What you will do
I need the records below retyped exactly.

-------- Input data --------

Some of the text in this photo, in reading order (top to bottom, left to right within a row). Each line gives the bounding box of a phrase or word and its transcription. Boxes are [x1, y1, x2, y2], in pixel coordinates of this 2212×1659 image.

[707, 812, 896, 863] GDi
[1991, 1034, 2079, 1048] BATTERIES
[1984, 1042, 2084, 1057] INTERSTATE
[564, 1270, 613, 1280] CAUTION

--------

Your solution
Some of the text in this photo, in reading order (top to bottom, left to right within a row). Each line gives the bounding box of a phrase or word and its transcription. Boxes are [x1, y1, x2, y2], in pixel coordinates of this 2212×1659 image.

[707, 812, 896, 863] GDi
[1991, 1034, 2079, 1048] BATTERIES
[1984, 1042, 2084, 1057] INTERSTATE
[564, 1270, 613, 1280] CAUTION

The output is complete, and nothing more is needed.